*Records provided*.
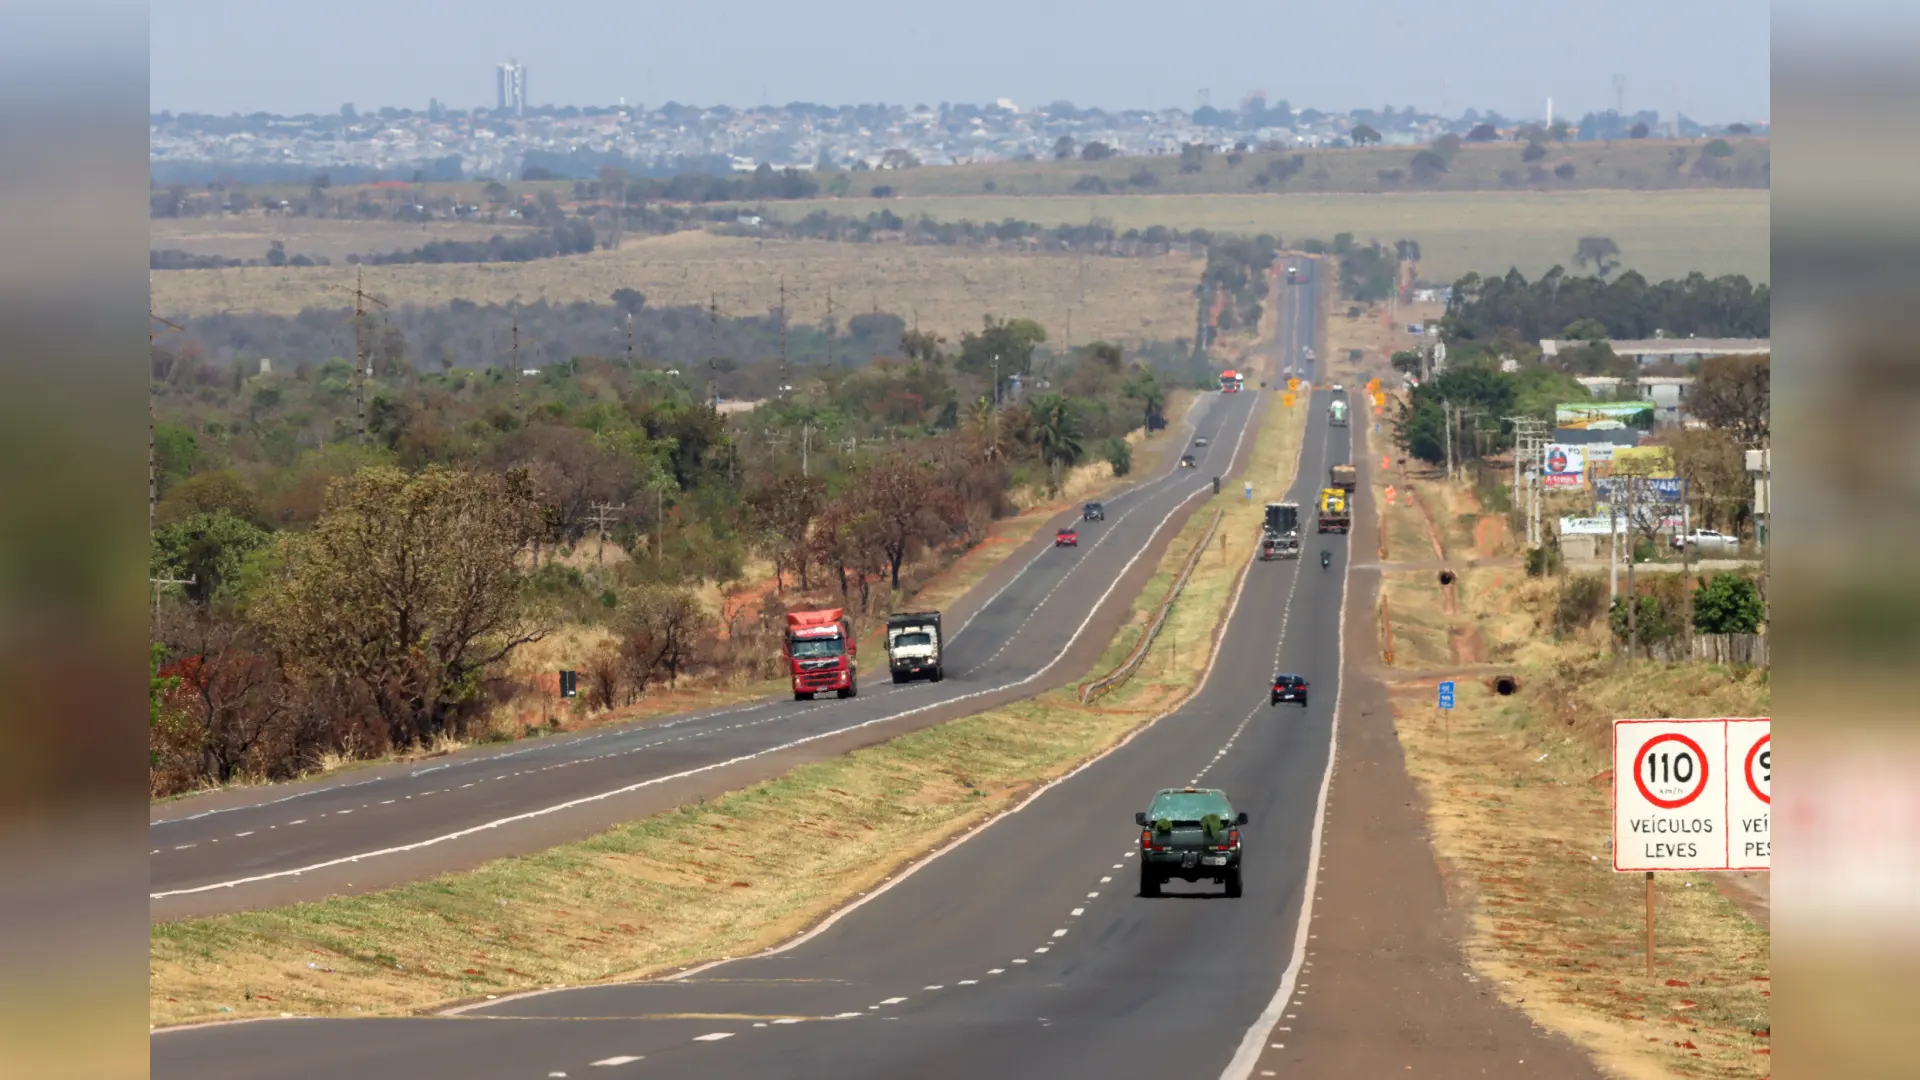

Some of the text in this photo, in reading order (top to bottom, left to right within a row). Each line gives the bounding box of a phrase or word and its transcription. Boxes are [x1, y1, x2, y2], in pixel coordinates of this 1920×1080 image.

[1648, 752, 1694, 783] 110
[1630, 814, 1713, 833] VEÍCULOS
[1645, 843, 1698, 858] LEVES
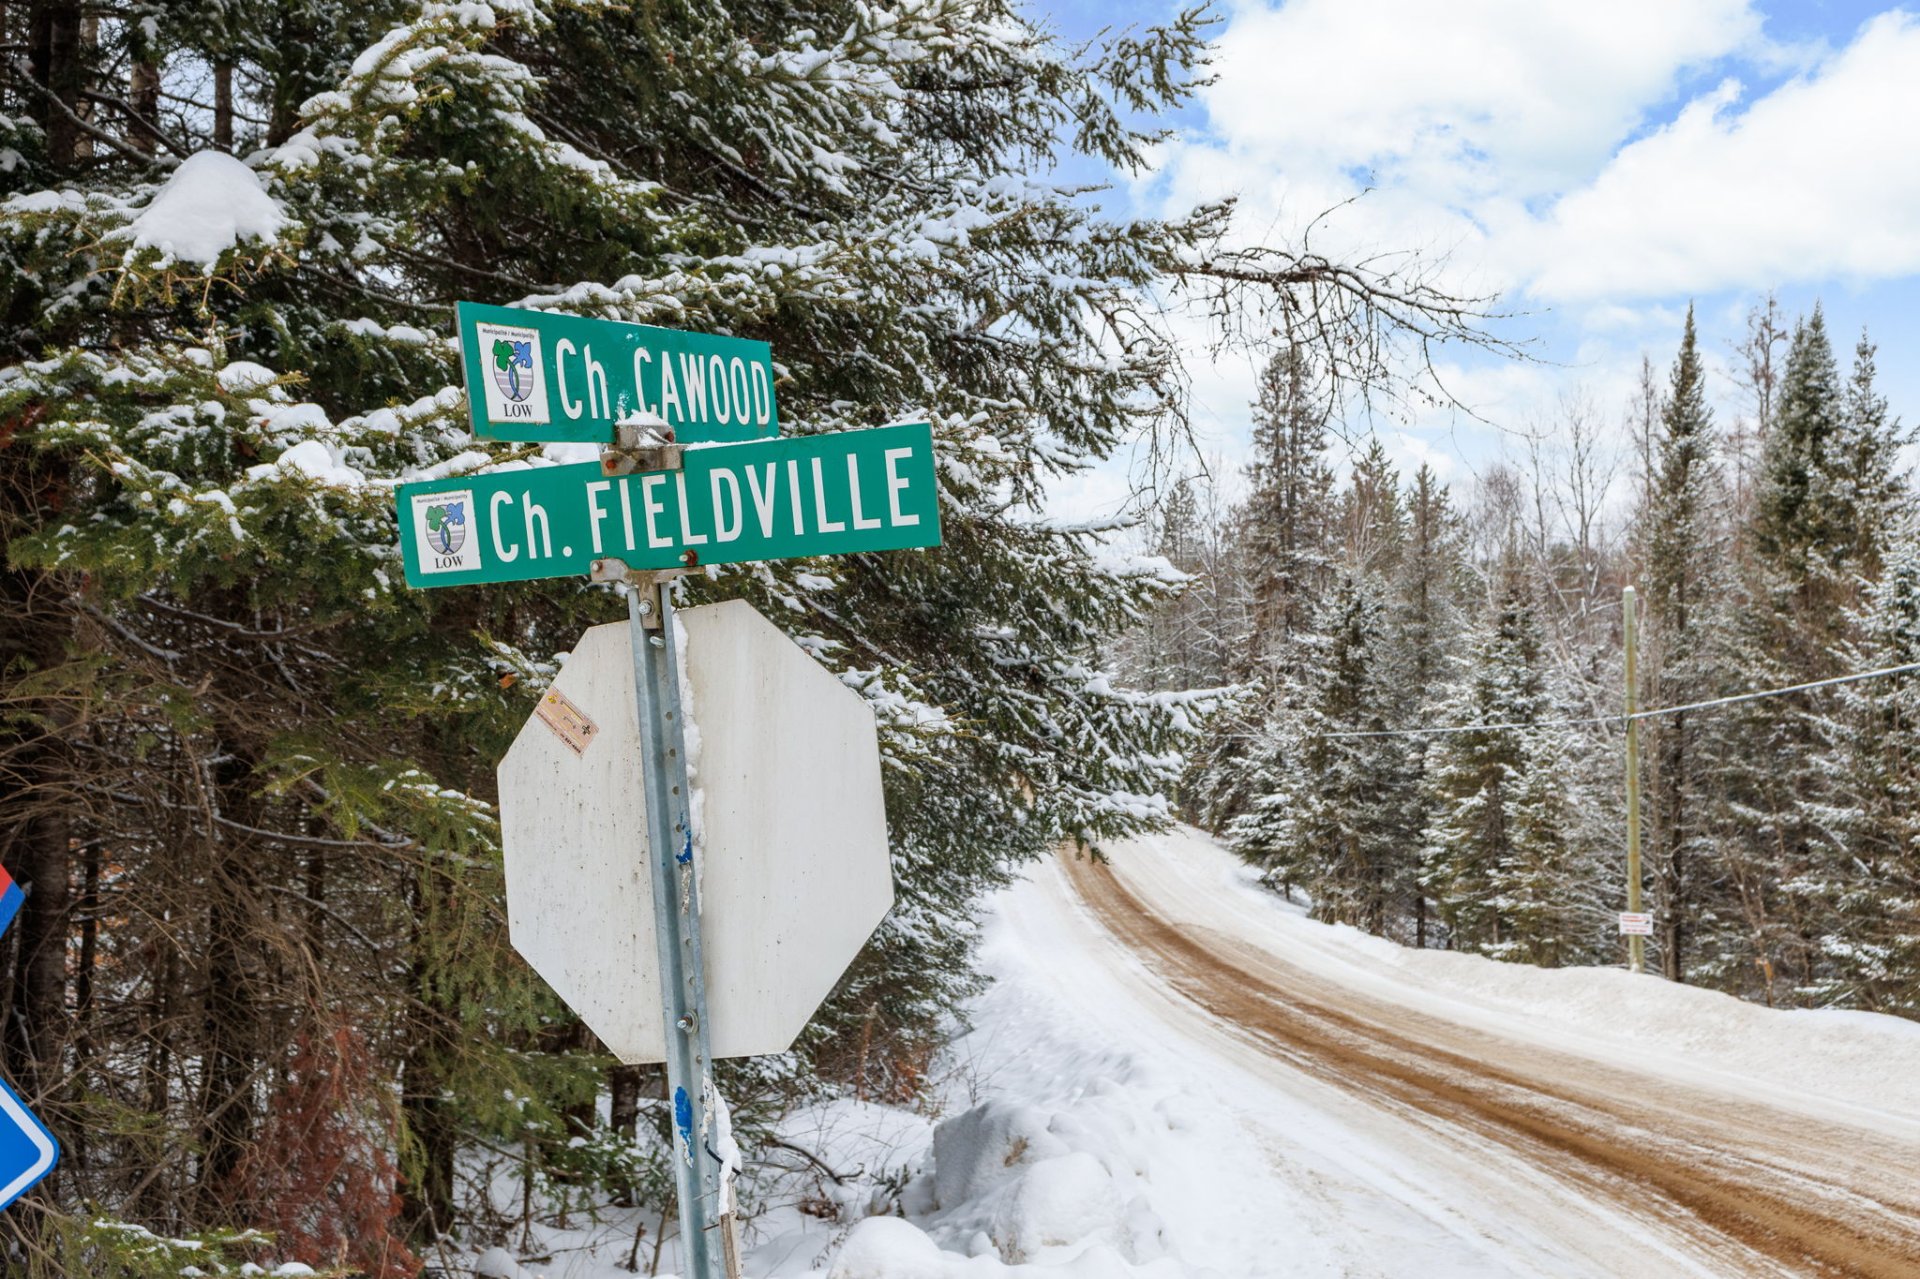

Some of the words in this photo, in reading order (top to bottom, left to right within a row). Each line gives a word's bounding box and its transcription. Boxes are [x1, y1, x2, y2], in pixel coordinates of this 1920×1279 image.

[633, 346, 770, 425] CAWOOD
[503, 404, 533, 418] LOW
[490, 489, 573, 562] Ch.
[586, 446, 920, 553] FIELDVILLE
[435, 555, 464, 569] LOW

*Exercise prompt*. Any picture in the material is to be dropped; the rest is repeated exactly.

*Exercise answer*.
Some of the text in this photo, in reading order (top to bottom, left to right within a row). Each line gives the bounding box of a phrase or word and its transcription. Boxes are [x1, y1, x2, y2], in pixel coordinates of this 1920×1080 image.

[1648, 752, 1694, 783] 110
[1630, 814, 1713, 833] VEÍCULOS
[1645, 843, 1698, 858] LEVES

Some of the words in this photo, in reading order (top to bottom, left to right within a row). Each line gives a word's bounding box and its transcription. Boxes are [x1, y1, x2, y2], in pixel coordinates of this 1920×1279 image.

[633, 346, 770, 425] CAWOOD
[503, 404, 533, 418] LOW
[490, 489, 573, 562] Ch.
[586, 446, 920, 553] FIELDVILLE
[435, 555, 464, 569] LOW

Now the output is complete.